[[ Data for processing open ]]

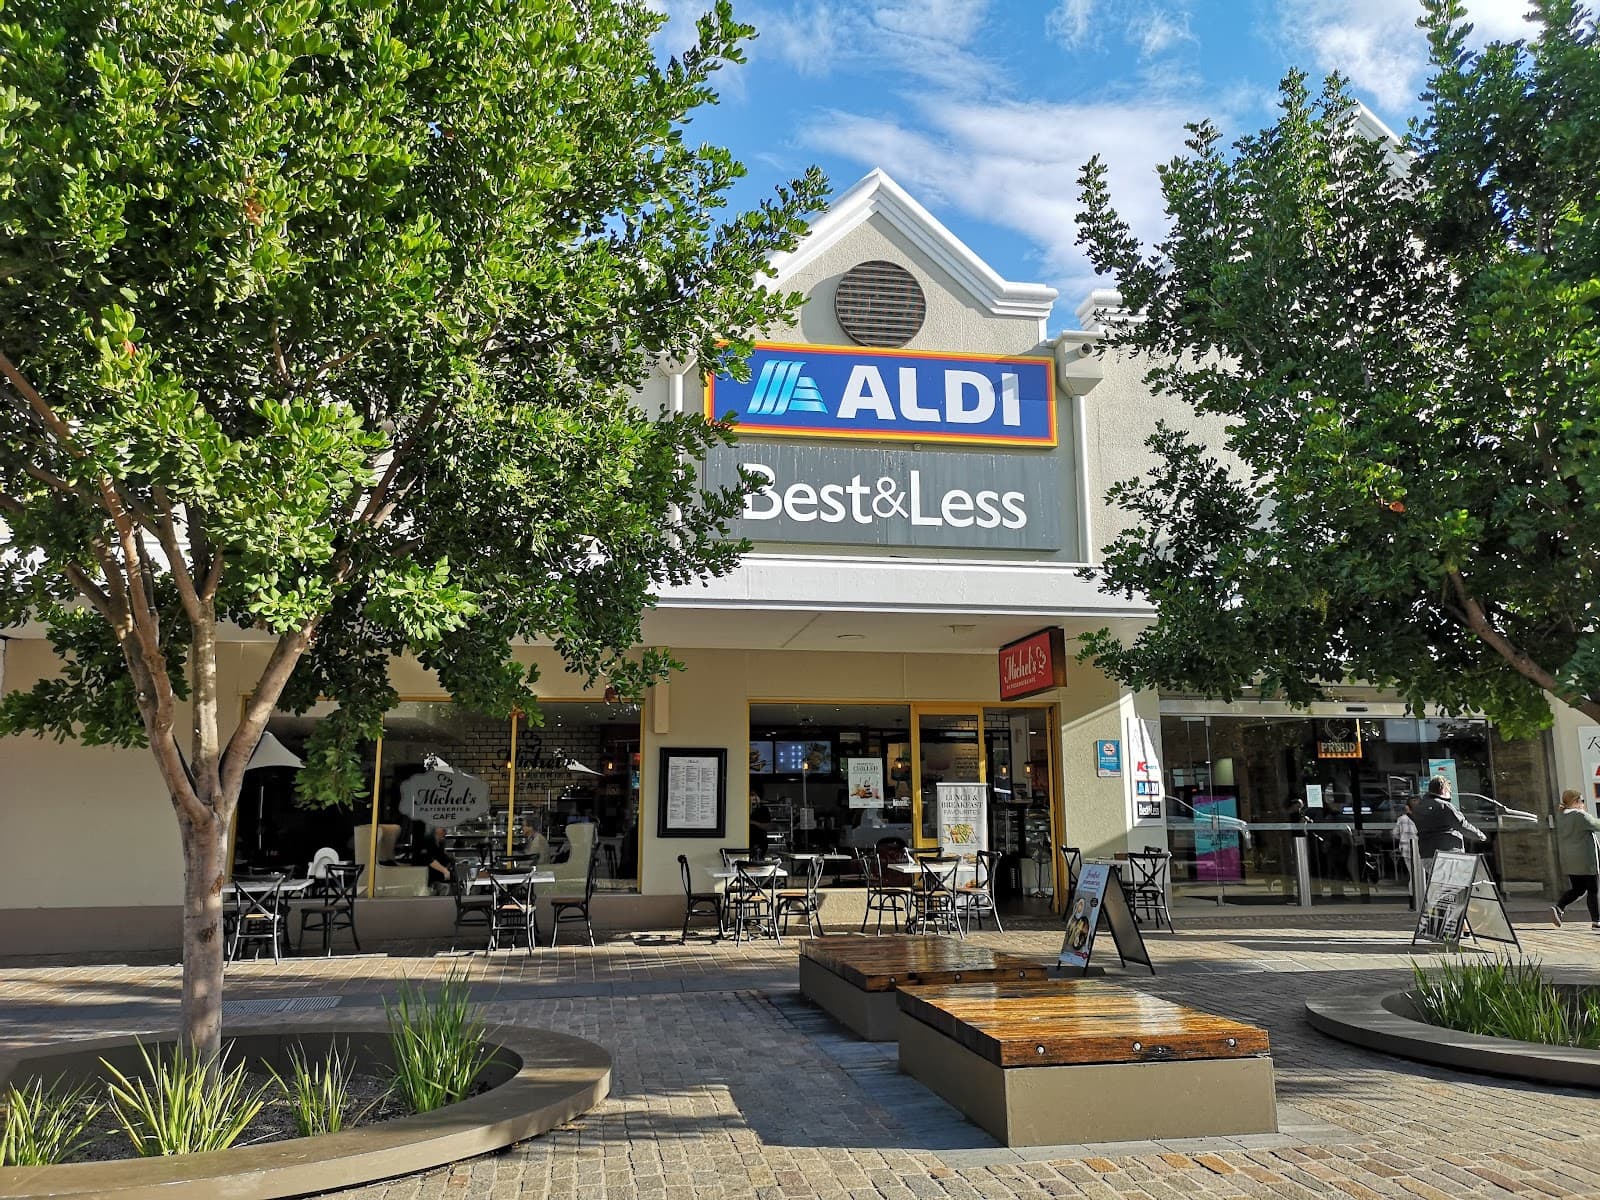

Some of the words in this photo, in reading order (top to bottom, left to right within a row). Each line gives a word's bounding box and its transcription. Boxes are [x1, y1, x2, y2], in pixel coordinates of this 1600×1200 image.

[836, 365, 1021, 426] ALDI
[742, 463, 1028, 530] Best&Less
[1004, 646, 1037, 684] Michel's
[414, 787, 477, 806] Michel's
[941, 801, 983, 809] BREAKFAST

[[ Data for processing closed ]]

Repeat every record above exactly. Omit the pictures.

Your response =
Some of the words in this photo, in reading order (top to bottom, left to right within a row). Each line gives a word's bounding box and its transcription. Boxes are [x1, y1, x2, y2], in pixel coordinates of this 1600×1200 image.

[836, 365, 1021, 426] ALDI
[742, 463, 1028, 530] Best&Less
[1004, 646, 1037, 684] Michel's
[414, 787, 477, 806] Michel's
[941, 801, 983, 809] BREAKFAST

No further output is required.